George Osborne is expected to hand over even more powers – this time over prisons and probation – in the Budget
A new prison could be built in Greater Manchester, the M.E.N. can reveal.
The new jail is being planned as the Chancellor prepares to hand even more powers to the region in his Budget, this time over criminal justice.
The latest in a series of ground-breaking devolution deals will give local leaders influence over youth offending, probation and prison services – including over the future of prison buildings and where they are located.
As part of that ministers will work with the police commissioner and council bosses on a potential new ‘resettlement jail’ for people from the local area who are nearing release.

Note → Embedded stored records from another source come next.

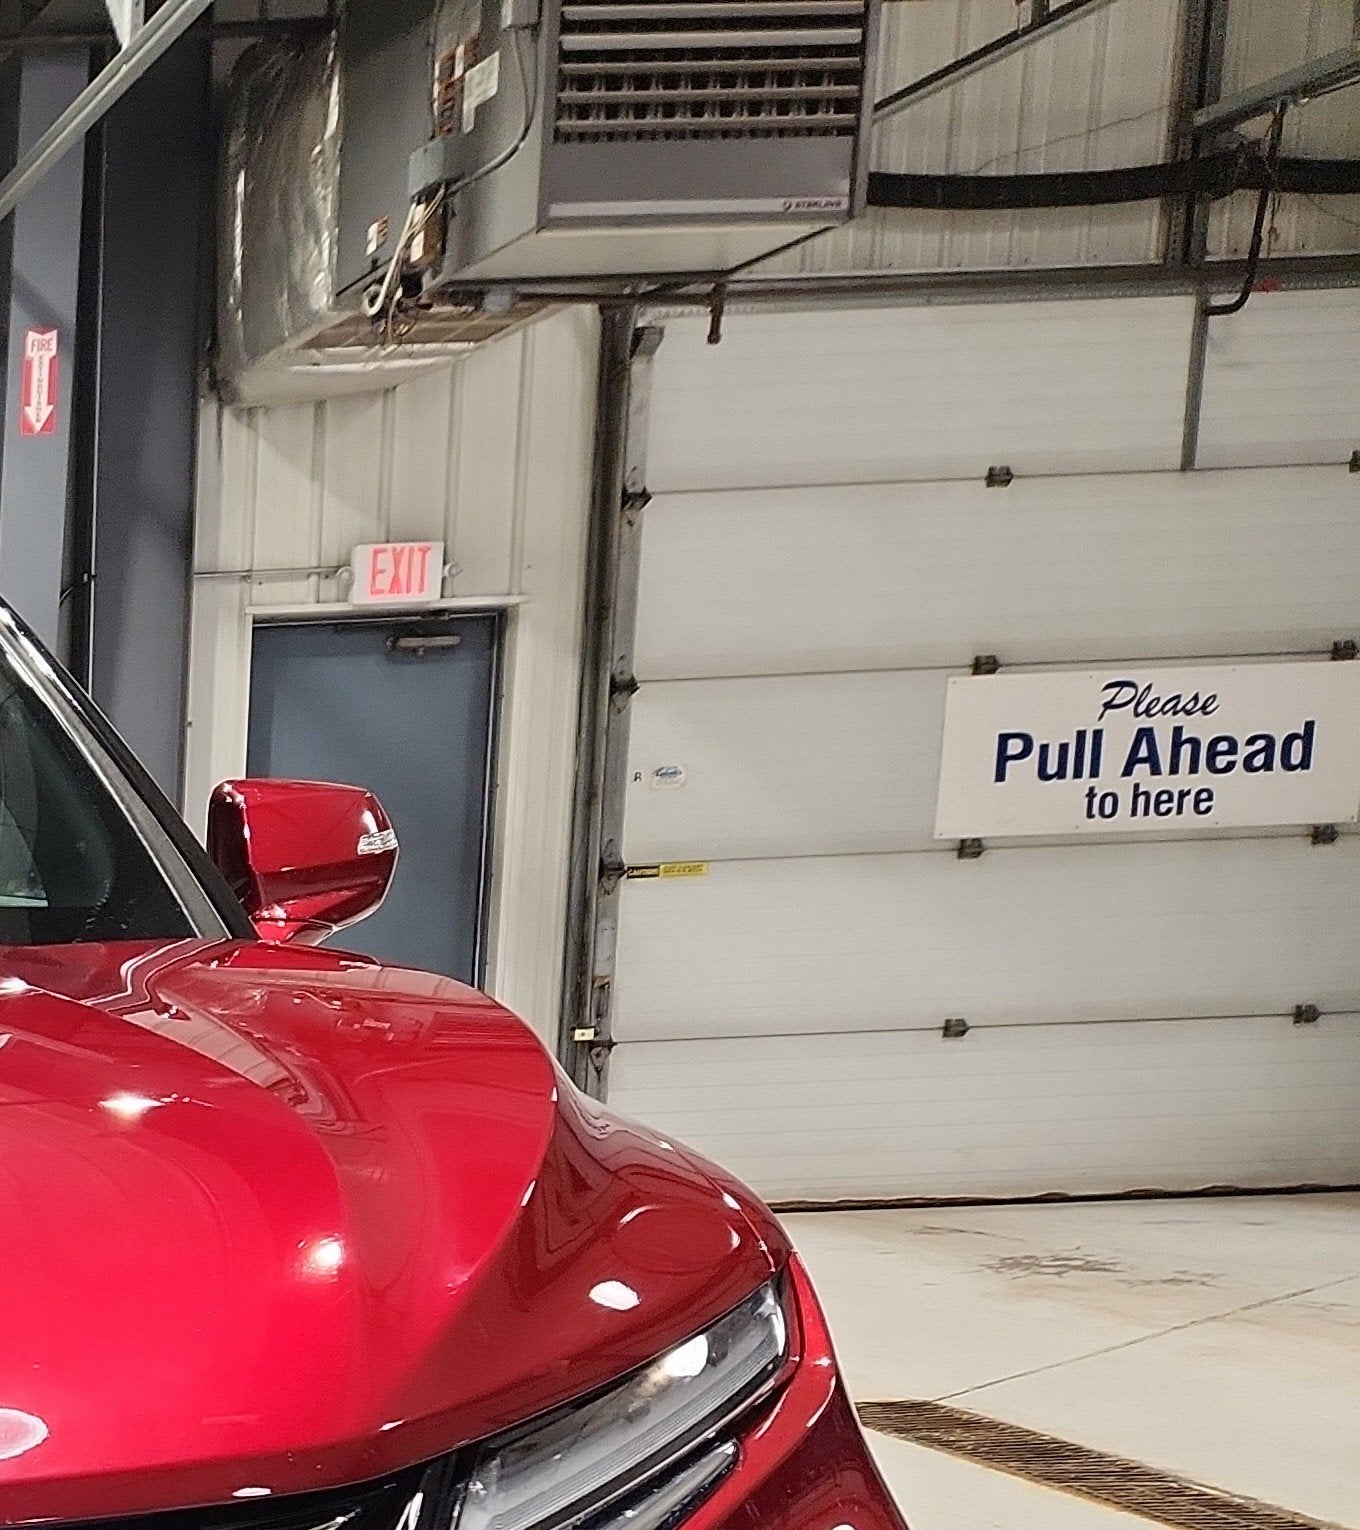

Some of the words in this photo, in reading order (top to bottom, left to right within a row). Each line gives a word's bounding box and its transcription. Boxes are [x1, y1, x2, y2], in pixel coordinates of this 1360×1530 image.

[31, 339, 54, 352] FIRE
[370, 546, 431, 596] EXIT
[1097, 679, 1220, 722] Please
[994, 728, 1104, 783] Pull
[1120, 719, 1316, 778] Ahead
[1085, 785, 1120, 819] to
[1130, 782, 1215, 818] here
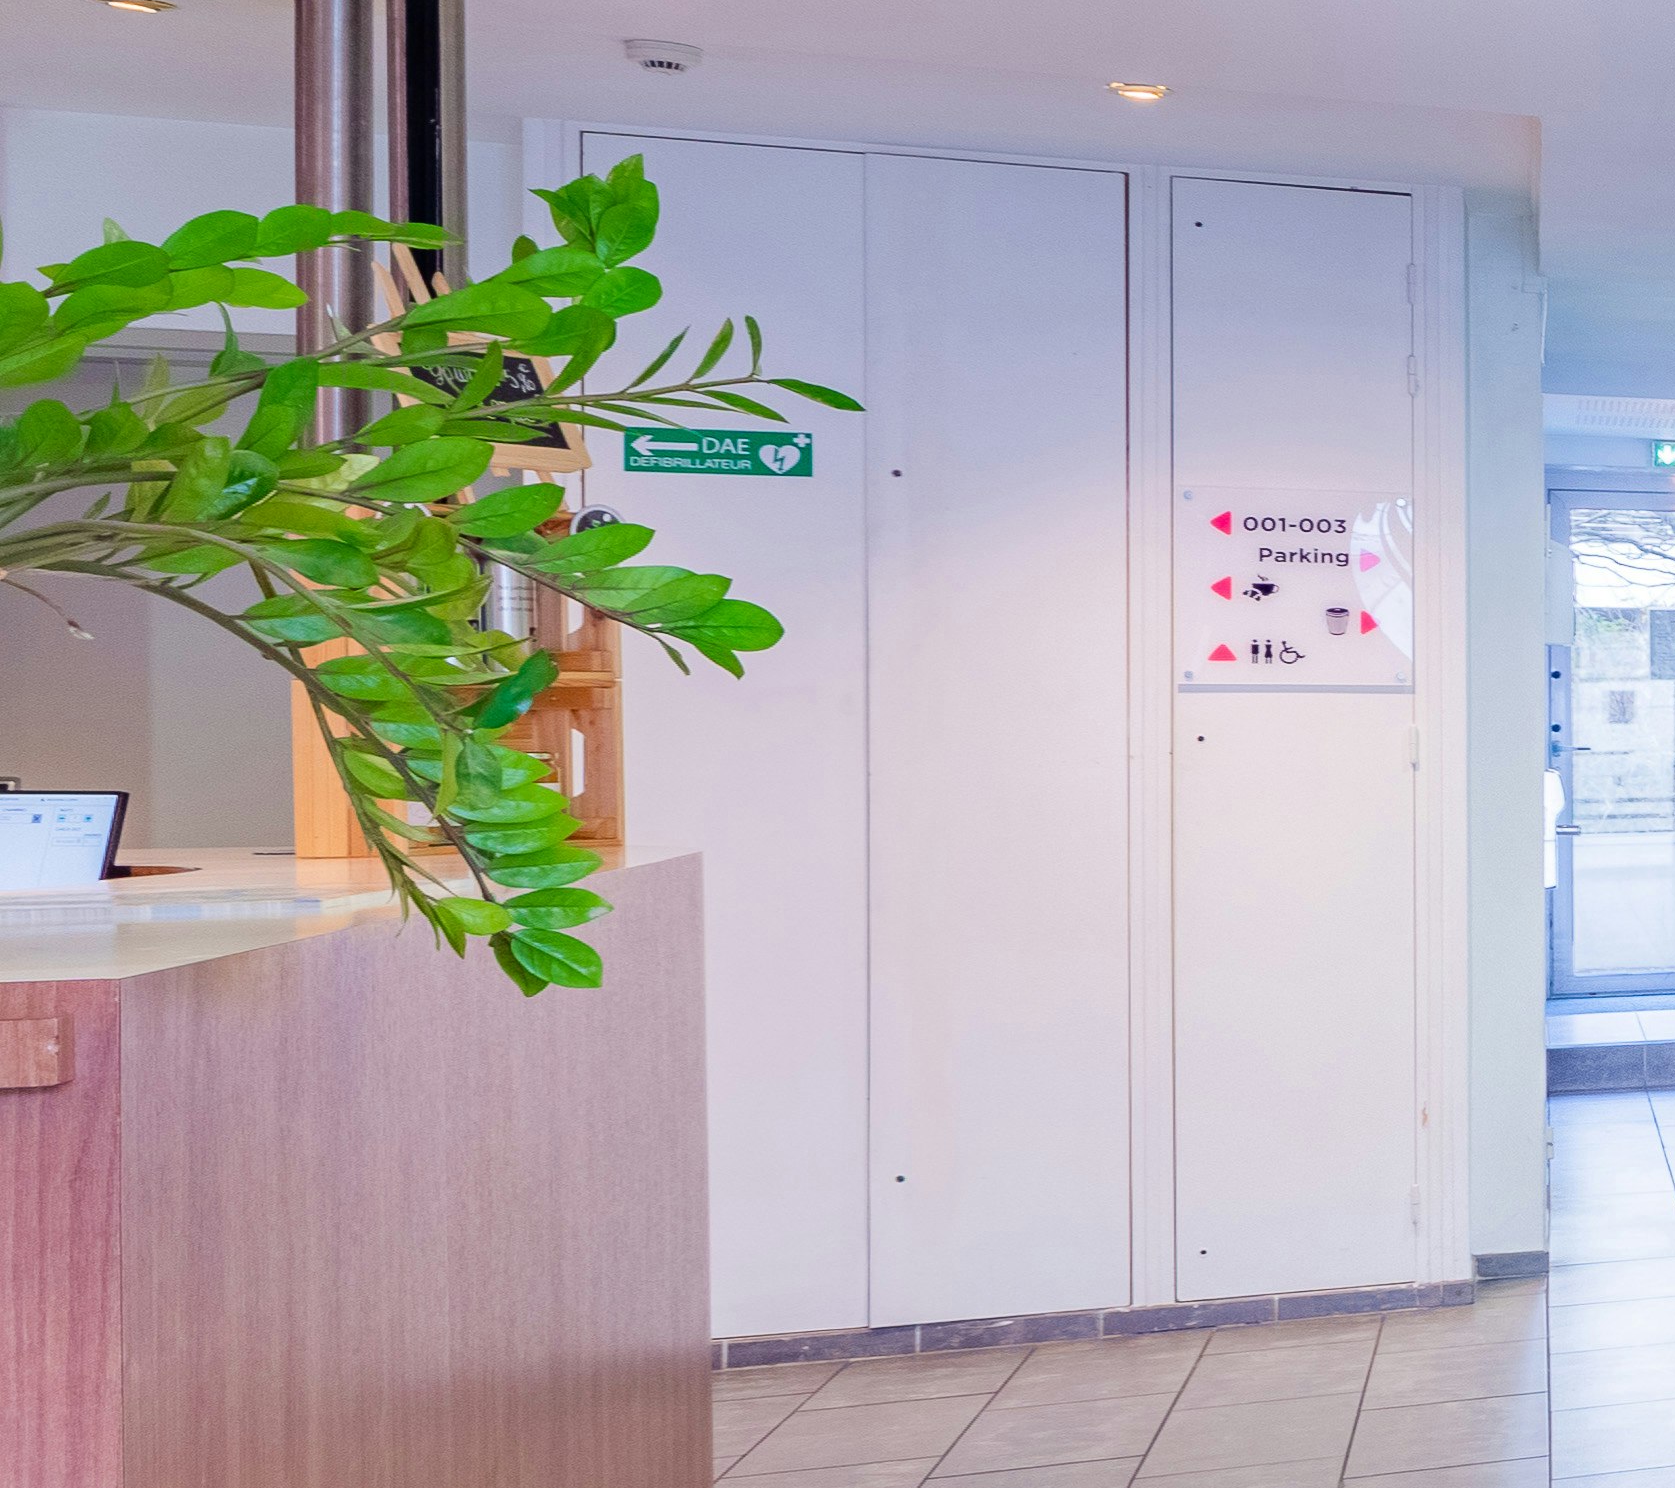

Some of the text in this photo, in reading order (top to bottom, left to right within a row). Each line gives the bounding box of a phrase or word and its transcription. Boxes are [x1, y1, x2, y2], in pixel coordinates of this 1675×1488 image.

If built from scratch – rather than using an existing prison – it would be the first new jail the region has seen since Salford’s Forest Bank in the 1990s.
No site has yet been identified but the government has been pushing Greater Manchester authorities since at least the start of February to come up with a possible site for a new jail.
Ministry of Justice officials have asked council leaders to identify sites that would be suitable, based on how easy they would be to develop, their size – at least 25 acres – and the quality of their transport links.
Any resulting resettlement prison would hold people from Greater Manchester who are serving the last few months of their sentences to get them ready for life outside.
Ministers ultimately want people with jail terms of less than a year to serve their whole sentence at such a jail.
In today’s Budget George Osborne is expected to hand Greater Manchester leaders more control over prison, probation and youth offender services in the belief it will rehabilitate more people, get them back into work, save money and cut crime.
Closer working with other public services – such as councils and the NHS – would be key to that as Greater Manchester takes control of more and more government spending, including in the NHS, economic investment and transport.
Former chief constable Sir Peter Fahy is among those to have previously called for criminal justice to be part of ‘Devo Manc’, arguing after he retired last year that it would allow greater local oversight and save public services money.
In November he told the M.E.N. that prisons, courts and even the Crown Prosecution Service should be devolved to the region, although it appears the deal with ministers does not go that far.
Council leaders have already been running a Greater Manchester-wide pilot aimed at rehabilitating female prisoners by providing support and training in the community rather than sending them to prison.